Asylbewerber aus Frankreich?

ich 27.11.2013 - 21:33
ich wusste ja, dass da nicht alles ganz sauber ist, aber politische Verfolgung im Nachbarland?

Ich zweifle...

Übrigens kann das auch sehr von Ort zu Ort variieren. In Ostdeutschland habe ich auch als Deutscher schlechte Erfahrungen mit den Mitarbeitern gemacht. In Hamburg hatte eine Afrikanerin, die kein deutsch, sondern nur englisch konnte, mal eine Mitarbeiterin erwischt, die kein Wort englisch konnte. Kein Drama, die Mitarbeiterin hat ausgerufen, ob jemand englisch spricht und übersetzen kann. Ich konnte, und die Mitarbeiterin erklärte mir ausführlich auf deutsch, welche Unterlagen sie braucht, um den Antrag zu bearbeiten und wo die zu bekommen sind. Und das fiel da nicht weiter auf, das schien Usus zu sein.

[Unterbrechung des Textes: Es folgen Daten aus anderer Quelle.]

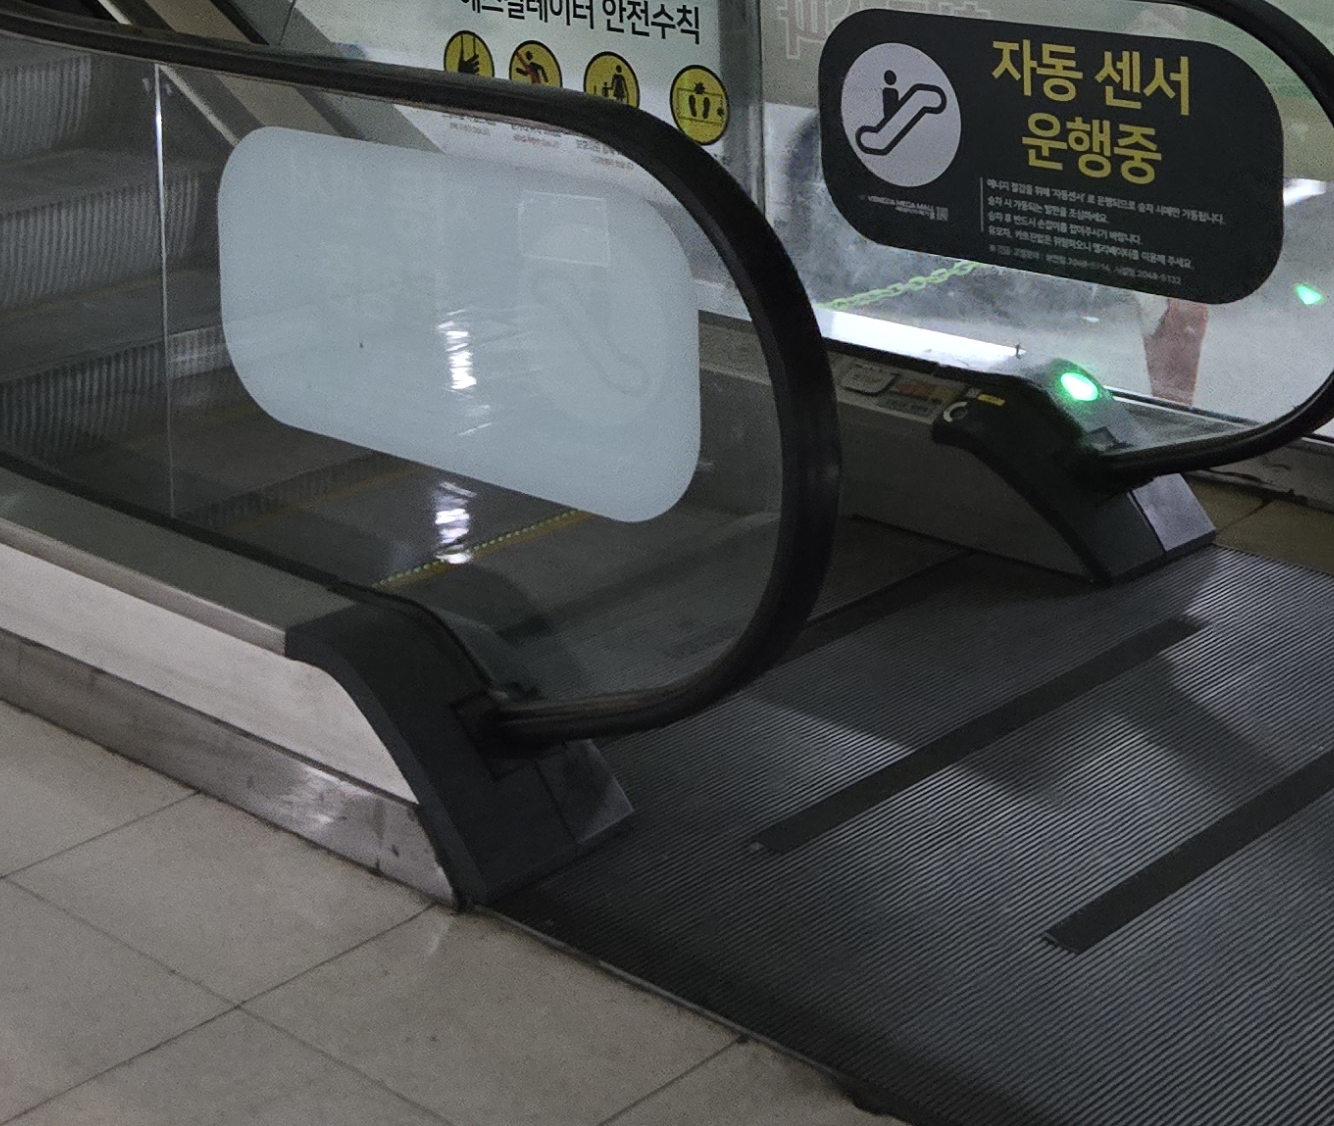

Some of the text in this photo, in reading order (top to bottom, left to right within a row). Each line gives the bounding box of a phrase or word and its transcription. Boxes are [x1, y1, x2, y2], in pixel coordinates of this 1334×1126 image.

[990, 38, 1191, 116] 자동 센서
[1020, 111, 1163, 185] 운행중
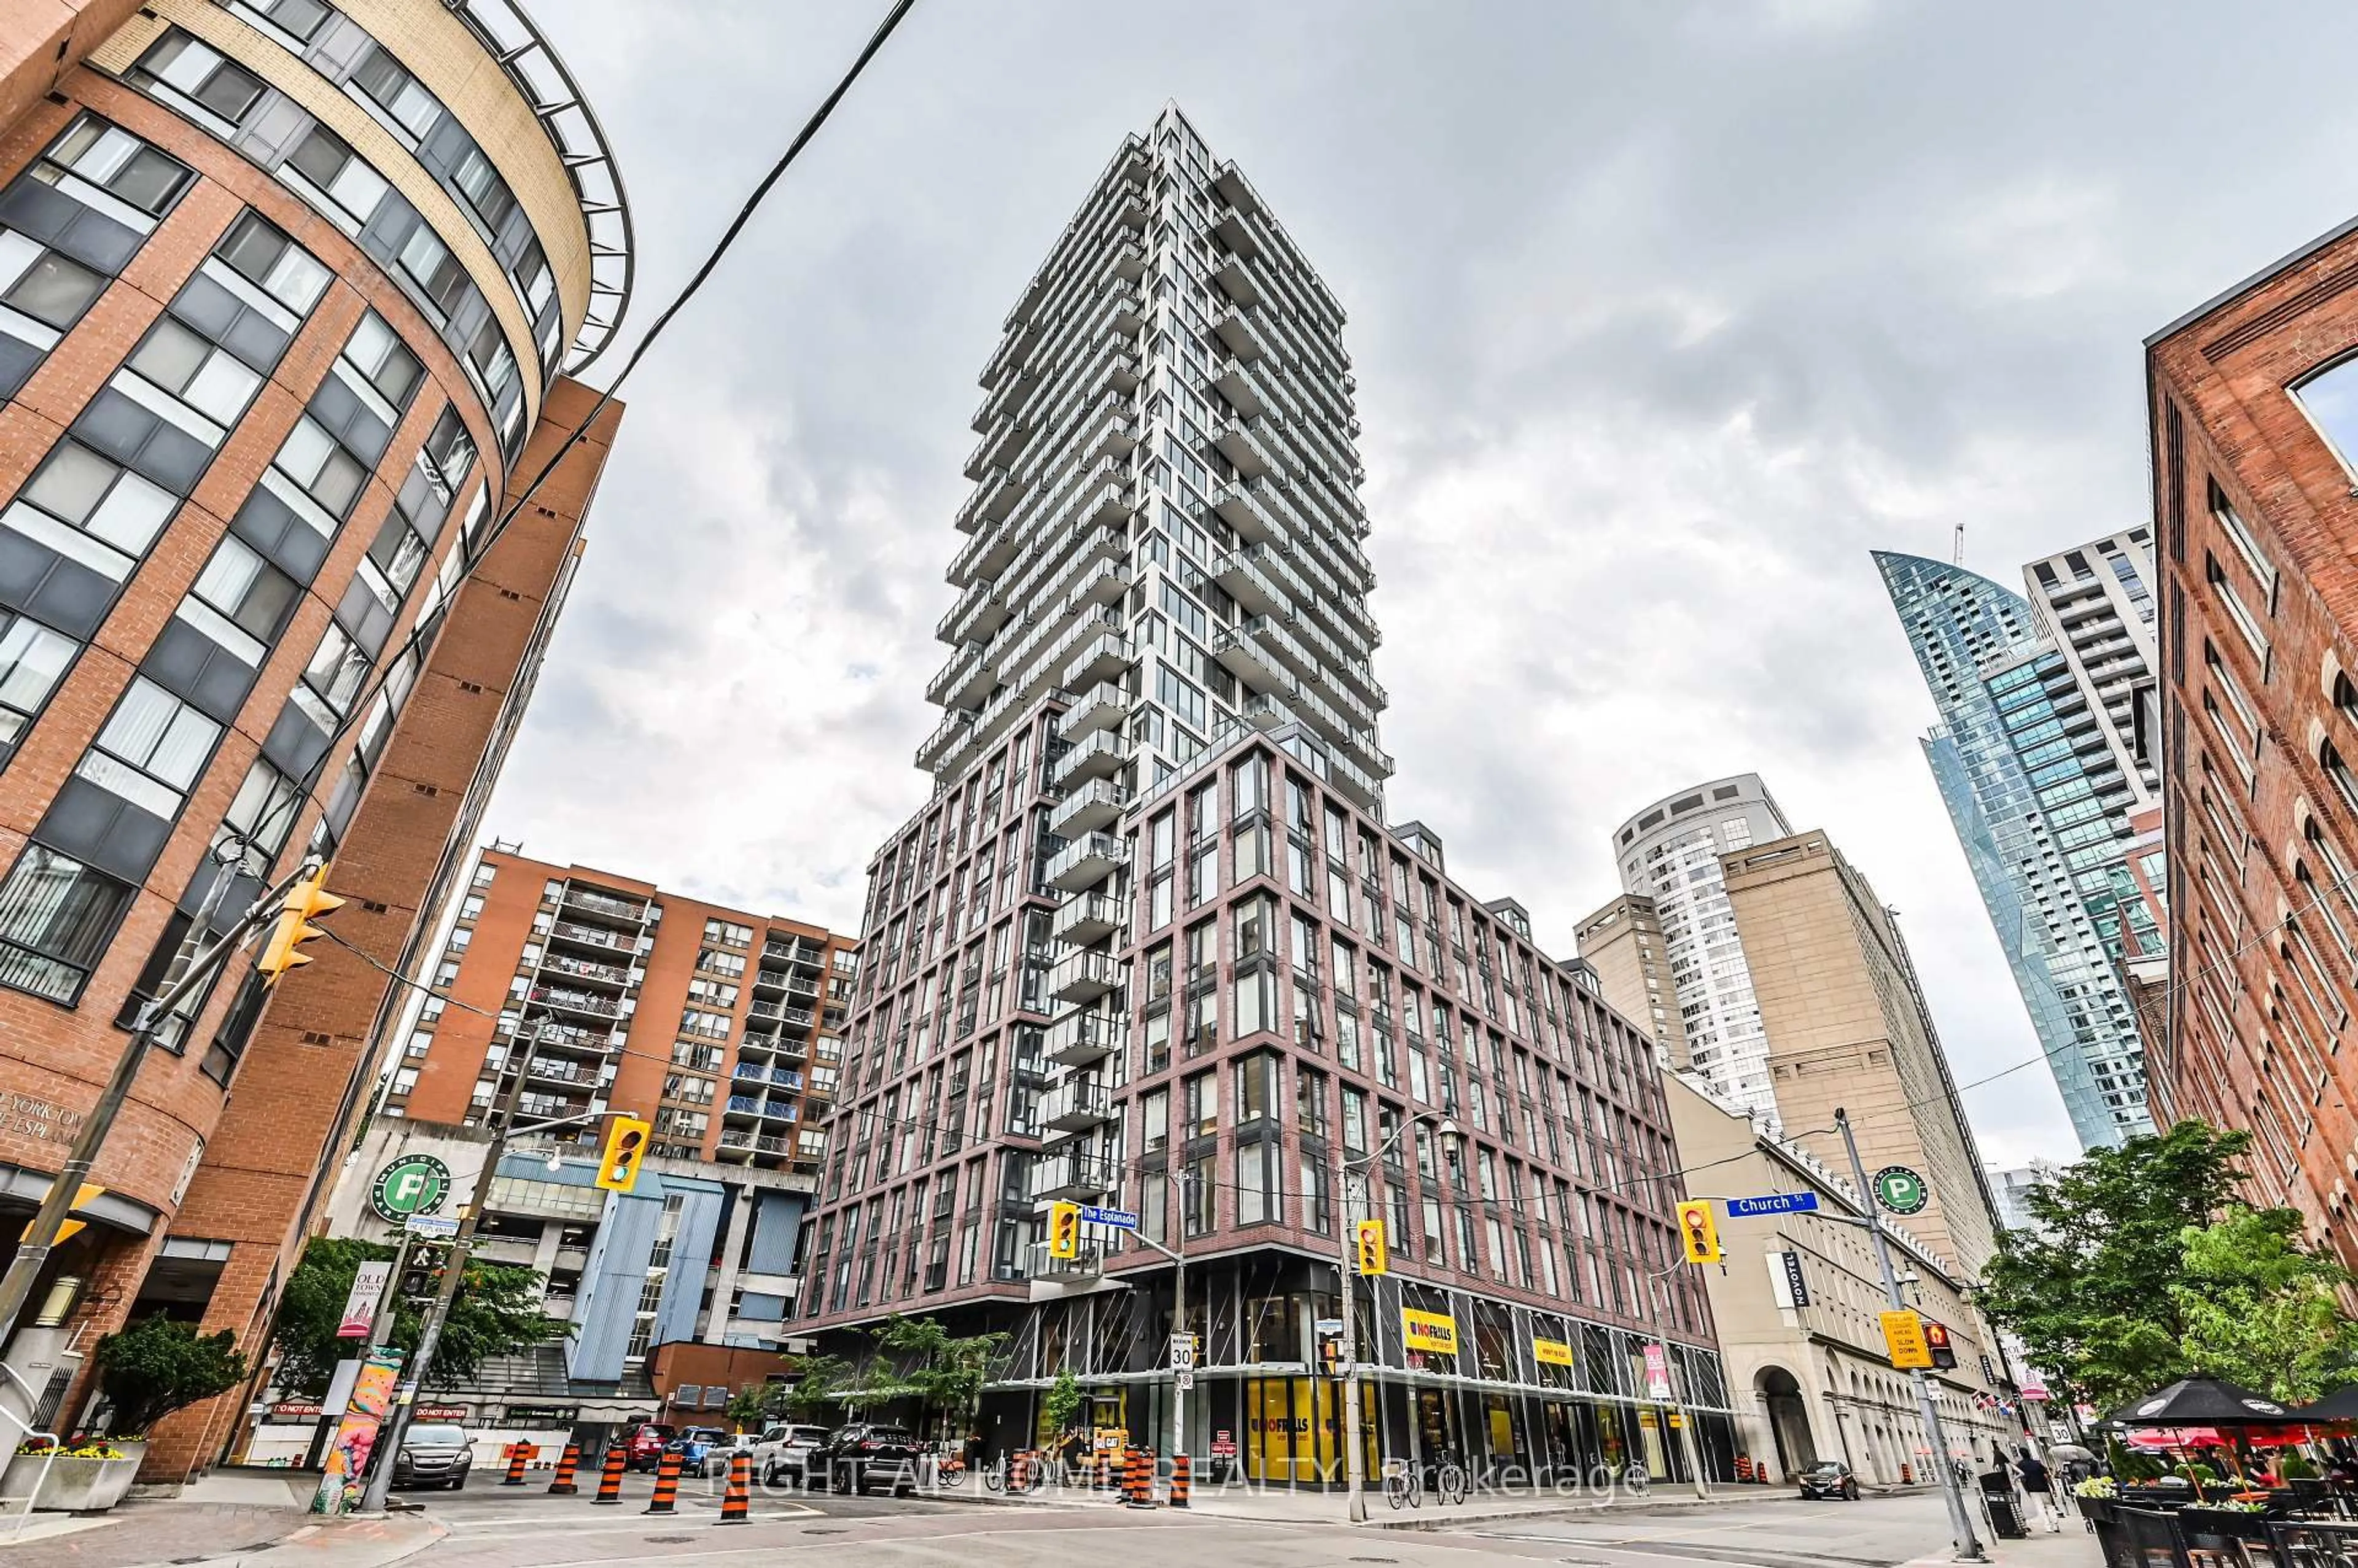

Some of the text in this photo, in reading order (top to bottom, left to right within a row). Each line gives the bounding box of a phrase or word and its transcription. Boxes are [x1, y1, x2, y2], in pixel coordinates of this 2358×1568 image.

[11, 1095, 54, 1120] YORK
[56, 1109, 85, 1133] TOW
[378, 1156, 449, 1189] MUNICIPAL
[395, 1173, 429, 1200] P
[1888, 1179, 1910, 1198] P
[375, 1190, 442, 1219] PARKNG
[1739, 1197, 1790, 1212] Church
[1084, 1206, 1135, 1225] The Esplanade
[357, 1274, 385, 1284] OLD
[1786, 1254, 1805, 1305] NOVOTEL
[1173, 1349, 1191, 1365] 30
[443, 1408, 466, 1417] ENTER
[1106, 1437, 1118, 1448] CAT
[2055, 1429, 2069, 1439] 30

Ich vermute nebenbei auch, dass die Mitarbeiter nur auf deutsch Auskünfte erteilen, weil bei den meisten das englisch/französisch/wasauchimmer nicht gut genug ist, um rechtsverbindliche Auskünfte zu erteilen. Da geht's ja schließlich nicht um Pipikram, sondern um wesentliche Entscheidungen. Einfach einen Dolmetscher mitbringen, dann läuft das. Mit Rassismus hat das nichts zu tun.

@ich

- 28.11.2013 - 12:35
Von "Verfolgung im Nachbarland" oder "Asylbewerber aus frankreich" ist in dem Interview überhaupt nicht die Rede, vielleicht solltest du den Text noch mal lesen.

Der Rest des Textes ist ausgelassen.